Communication Through Touch

As the infant takes its first breath, it reaches out to learn what this new world is all about. Sensory receptors located in the skin start picking up enormous quantities of information and sending them to the brain. Pressure, temperature, pain - each stimulation carries a message about the environment. Each one adds another dimension to the infant's accumulating experience.

As the largest organ of the body, the skin comprises almost one-fifth of the total body weight and engages a major percentage of the operation of the brain. The skin is constantly growing and changing in sensitivity as it performs its many functions: protection, sensation, regulation of temperature, excretion, respiration, and the metabolism and storage of fat.

The sense of touch communicates without the need for words.
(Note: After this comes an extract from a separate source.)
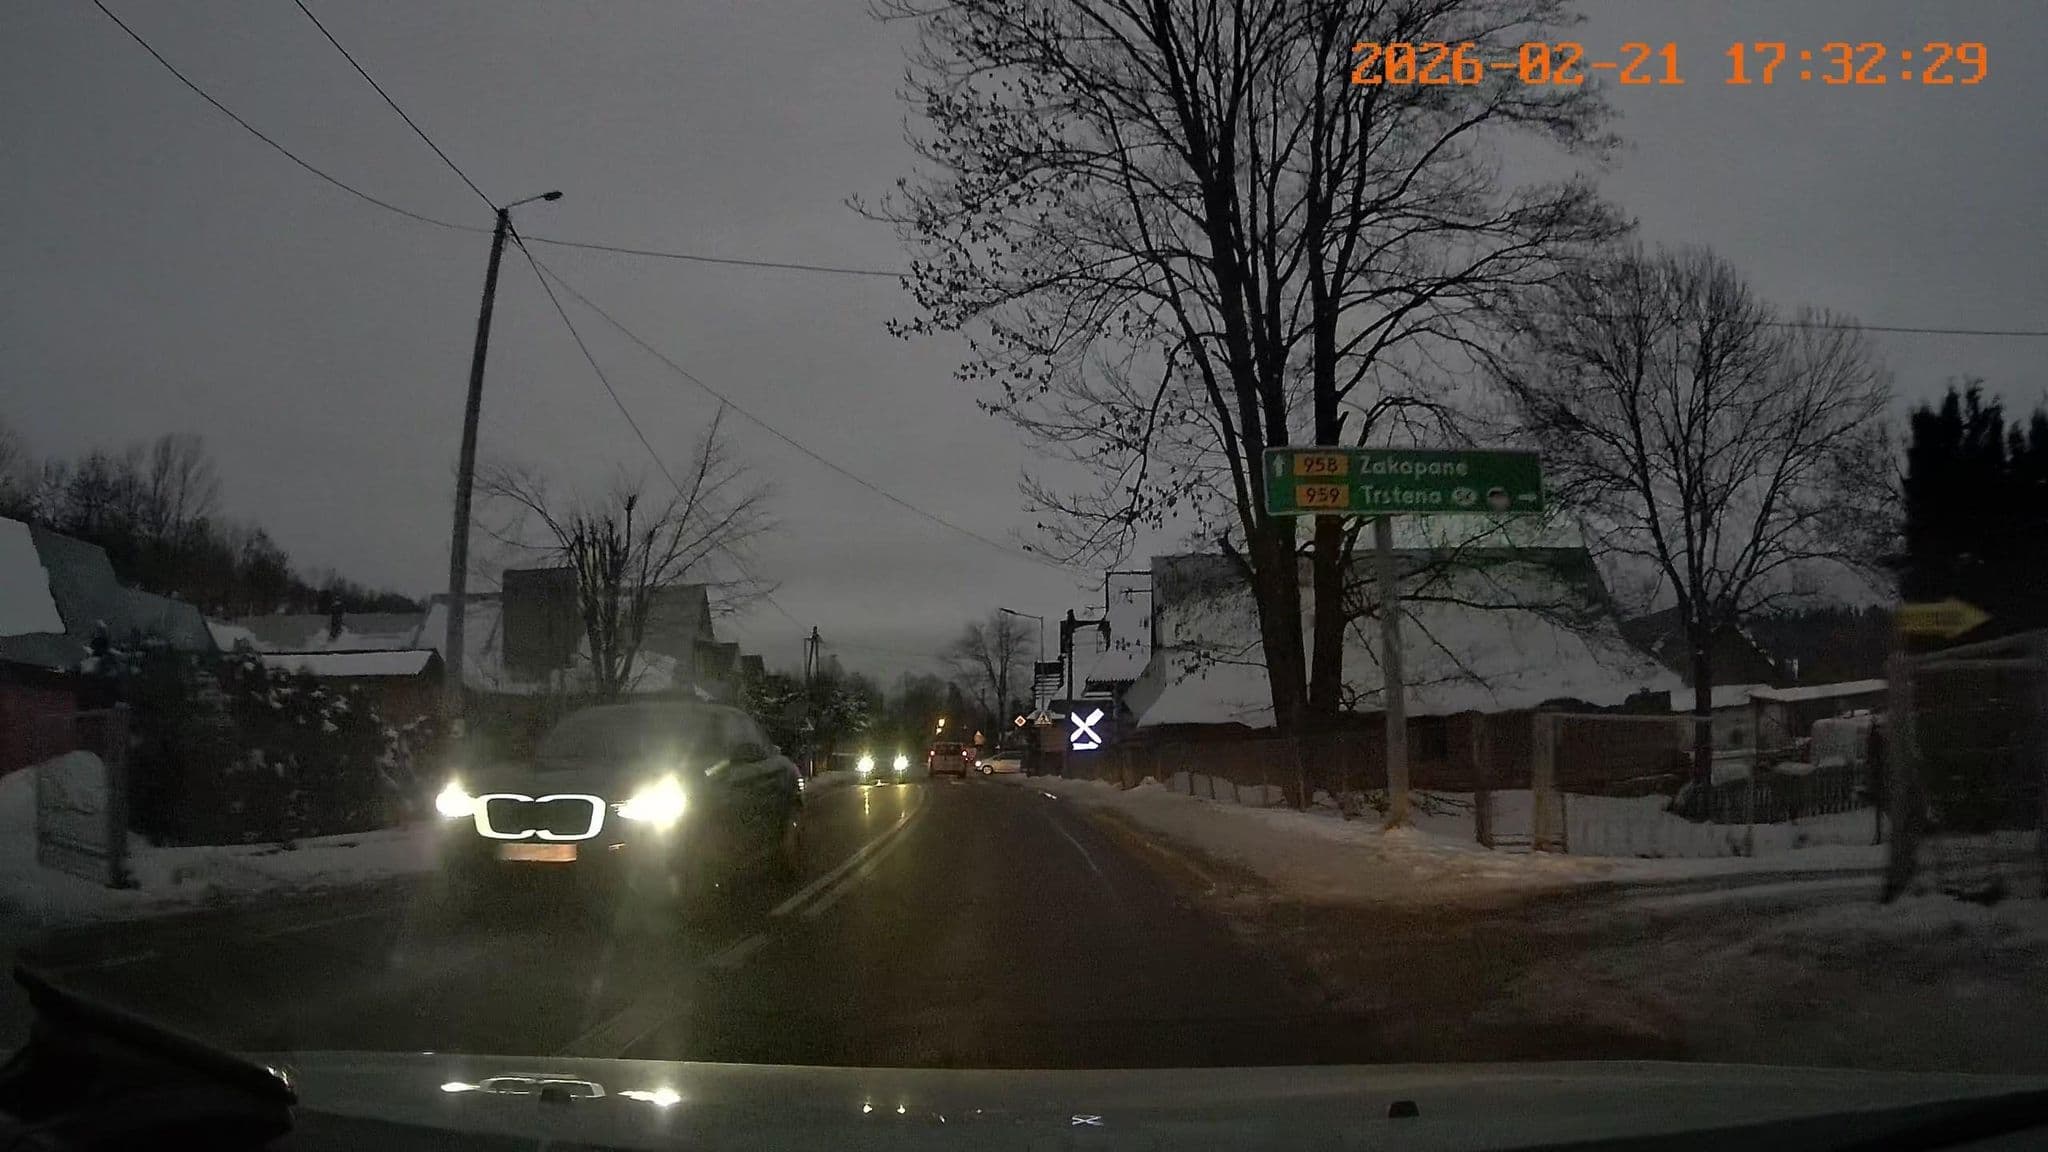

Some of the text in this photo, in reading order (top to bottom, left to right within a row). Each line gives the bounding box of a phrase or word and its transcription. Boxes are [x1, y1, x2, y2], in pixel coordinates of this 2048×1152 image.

[1302, 454, 1469, 480] 958 Zakopane
[1306, 486, 1342, 504] 959
[1360, 485, 1443, 506] Trstena
Gently stroking a child will induce sleep, soothe pain, and quiet rage. Physical contact informs the other of our presence, our caring, and our support. We hold the person who is grieving. We touch to say Hello," "Good-bye," and "It's OK." A pat on the back signals approval, a slap on the hand says the opposite. And we rely upon the chemistry of touch in our sexual interactions.

Limiting ourselves to verbal expression cuts us off from the full range of communication. Since touching means closeness, it can help to bridge the distances that separate us from one another. Thus connected, you can communicate better. As you approach the other with your defenses down and your hand extended in a gesture of acceptance, you stand a better chance of reaching a mutual understanding.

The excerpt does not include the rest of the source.